Vivisepulture (38 page)

“And then what?” I asked. “That’s years-“

“Sorting out the estate. Not an easy thing to do. Mr Wentworth’s only proof of death is his continuing absence. Now I want Ms. Levinger to do something for me.”

“I’m here,” she confirmed to the telephone.

“I want you to ring the solicitors who did the estate administration and tell them there’s a problem with the house. Tell them you’re ringing on behalf of Ada Platt. That should get through to them. Get them worried. They might tell you something.”

“But that’s…” She looked at me, in Walther’s absence. I shrugged. “I’ll try it,” she agreed.

“Good. I’m on my way back,” Walther confirmed.

 

I went back into the bathroom. Joseph Wentworth, I thought. Joseph Wentworth, sad and alone after his wife had gone… well perhaps it was a classic ghost situation, but… Walther had said that he had
disappeared
. No body had been found.

The smell was getting to me. Rot was rot, and I suddenly felt very queasy. The only thing that steadied me was the sheer nastiness of it. A decomposing body does not smell as bad as that bathroom did.
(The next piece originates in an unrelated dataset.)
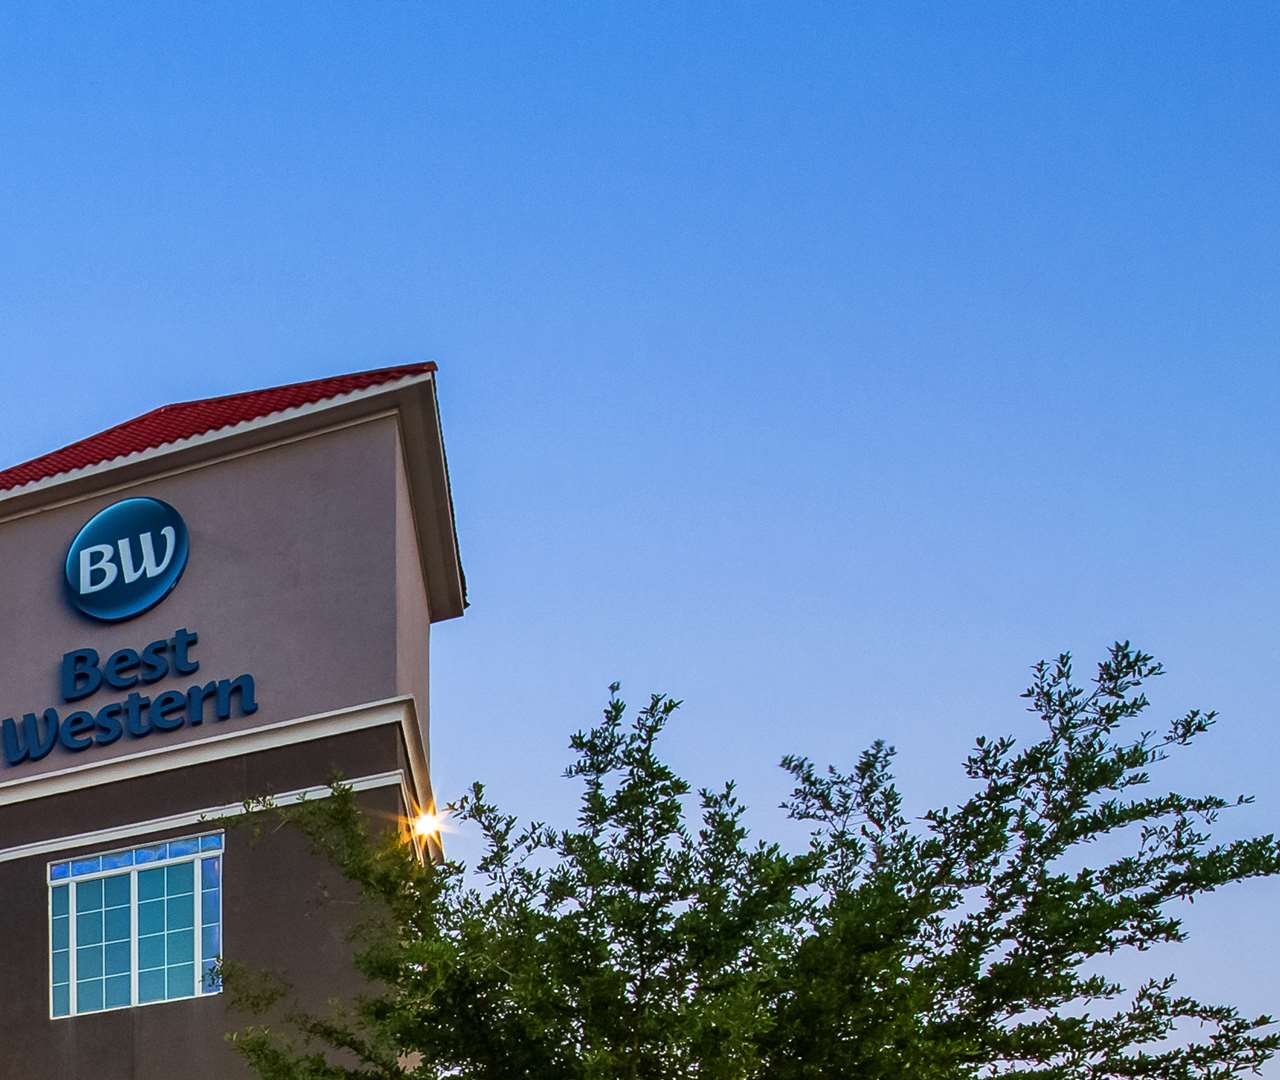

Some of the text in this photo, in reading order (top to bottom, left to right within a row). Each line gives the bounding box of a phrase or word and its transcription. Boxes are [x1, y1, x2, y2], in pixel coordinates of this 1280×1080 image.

[79, 525, 175, 595] BW
[61, 627, 200, 702] Best
[0, 673, 258, 766] Western
“Joseph Wentworth?” I said, into that stinking silence. Now I’m not psychic. I leave that to Walther. I’m as un-mystical as you can be, which is why I’m useful to him. When I said that name, though, something was there. I just felt a tide of… loathing, cold hate, pour over me, just for a moment. I had something’s attention.

 

“Time to speak to Mr Wentworth,” said Walther when he came back. Ms. Levinger was diligently talking her way through the channels of the Data Protection Act. It was probably a good time for Walther to exercise his skills while she was distracted. “Just the light kit for now, and we’ll see what we can reach.”

“Are you sure? We don’t know what happened to the plumbers.” I did my voice of reason bit.

“I think something very nasty almost certainly happened to all three of them,” said Walther briskly. “They, however, did not know what they were dealing with. Suicides, Michael. Suicides are a specialist subject. You have to treat them properly. Think of it as talking to someone who’s currently really depressed but liable to fly into a rage if you don’t humour them. Thankfully, as long as you commiserate they’re usually fairly easy to manipulate.”

“Into doing what?”

Walther chuckled. “Giving up the ghost. Going away. The act of suicide itself is usually what creates the ghost: that last moment of utter wretched despair, and perhaps even a moment when, all too late, they change their mind. It happens. Usually a simple laying to rest of the body will assist. We’ll get the whole sorry story, but at the end of it we’ll know where his remains are stashed. Sometimes just letting the ghost go on about its problems is enough to get rid of it.”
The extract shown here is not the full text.